● Activity
What's needed is a full, exact retyping of the records.

----

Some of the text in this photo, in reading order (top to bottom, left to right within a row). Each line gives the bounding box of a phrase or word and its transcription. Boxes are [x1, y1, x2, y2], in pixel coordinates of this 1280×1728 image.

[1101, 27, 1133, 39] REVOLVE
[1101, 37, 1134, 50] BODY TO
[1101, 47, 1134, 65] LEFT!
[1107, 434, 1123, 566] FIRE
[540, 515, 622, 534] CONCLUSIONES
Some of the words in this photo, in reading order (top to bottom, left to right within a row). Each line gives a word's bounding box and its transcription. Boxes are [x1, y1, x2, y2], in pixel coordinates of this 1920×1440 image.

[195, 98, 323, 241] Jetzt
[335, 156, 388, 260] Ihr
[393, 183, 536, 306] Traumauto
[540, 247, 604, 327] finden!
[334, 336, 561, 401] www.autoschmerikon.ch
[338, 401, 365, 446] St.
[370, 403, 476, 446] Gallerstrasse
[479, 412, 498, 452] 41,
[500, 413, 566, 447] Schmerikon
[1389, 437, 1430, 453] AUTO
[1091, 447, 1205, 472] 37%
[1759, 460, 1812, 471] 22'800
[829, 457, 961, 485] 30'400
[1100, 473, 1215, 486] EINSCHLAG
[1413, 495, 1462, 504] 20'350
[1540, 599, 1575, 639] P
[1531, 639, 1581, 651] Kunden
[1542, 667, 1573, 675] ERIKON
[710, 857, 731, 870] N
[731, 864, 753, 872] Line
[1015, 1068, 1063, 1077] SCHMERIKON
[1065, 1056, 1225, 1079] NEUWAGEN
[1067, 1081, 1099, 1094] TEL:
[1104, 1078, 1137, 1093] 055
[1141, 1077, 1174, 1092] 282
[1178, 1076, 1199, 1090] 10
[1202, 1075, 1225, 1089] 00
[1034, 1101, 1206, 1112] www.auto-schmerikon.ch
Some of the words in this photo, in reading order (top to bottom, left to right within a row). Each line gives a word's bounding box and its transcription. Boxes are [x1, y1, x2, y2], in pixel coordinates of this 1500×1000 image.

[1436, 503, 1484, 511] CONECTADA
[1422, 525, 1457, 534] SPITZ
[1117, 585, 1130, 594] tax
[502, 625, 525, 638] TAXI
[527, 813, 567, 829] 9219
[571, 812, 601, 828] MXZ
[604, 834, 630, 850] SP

----

● Result of this exercise
Some of the text in this photo, in reading order (top to bottom, left to right within a row). Each line gives the bounding box of a phrase or word and its transcription. Boxes are [x1, y1, x2, y2], in pixel coordinates of this 1280×1728 image.

[1101, 27, 1133, 39] REVOLVE
[1101, 37, 1134, 50] BODY TO
[1101, 47, 1134, 65] LEFT!
[1107, 434, 1123, 566] FIRE
[540, 515, 622, 534] CONCLUSIONES
Some of the words in this photo, in reading order (top to bottom, left to right within a row). Each line gives a word's bounding box and its transcription. Boxes are [x1, y1, x2, y2], in pixel coordinates of this 1920×1440 image.

[195, 98, 323, 241] Jetzt
[335, 156, 388, 260] Ihr
[393, 183, 536, 306] Traumauto
[540, 247, 604, 327] finden!
[334, 336, 561, 401] www.autoschmerikon.ch
[338, 401, 365, 446] St.
[370, 403, 476, 446] Gallerstrasse
[479, 412, 498, 452] 41,
[500, 413, 566, 447] Schmerikon
[1389, 437, 1430, 453] AUTO
[1091, 447, 1205, 472] 37%
[1759, 460, 1812, 471] 22'800
[829, 457, 961, 485] 30'400
[1100, 473, 1215, 486] EINSCHLAG
[1413, 495, 1462, 504] 20'350
[1540, 599, 1575, 639] P
[1531, 639, 1581, 651] Kunden
[1542, 667, 1573, 675] ERIKON
[710, 857, 731, 870] N
[731, 864, 753, 872] Line
[1015, 1068, 1063, 1077] SCHMERIKON
[1065, 1056, 1225, 1079] NEUWAGEN
[1067, 1081, 1099, 1094] TEL:
[1104, 1078, 1137, 1093] 055
[1141, 1077, 1174, 1092] 282
[1178, 1076, 1199, 1090] 10
[1202, 1075, 1225, 1089] 00
[1034, 1101, 1206, 1112] www.auto-schmerikon.ch
Some of the words in this photo, in reading order (top to bottom, left to right within a row). Each line gives a word's bounding box and its transcription. Boxes are [x1, y1, x2, y2], in pixel coordinates of this 1500×1000 image.

[1436, 503, 1484, 511] CONECTADA
[1422, 525, 1457, 534] SPITZ
[1117, 585, 1130, 594] tax
[502, 625, 525, 638] TAXI
[527, 813, 567, 829] 9219
[571, 812, 601, 828] MXZ
[604, 834, 630, 850] SP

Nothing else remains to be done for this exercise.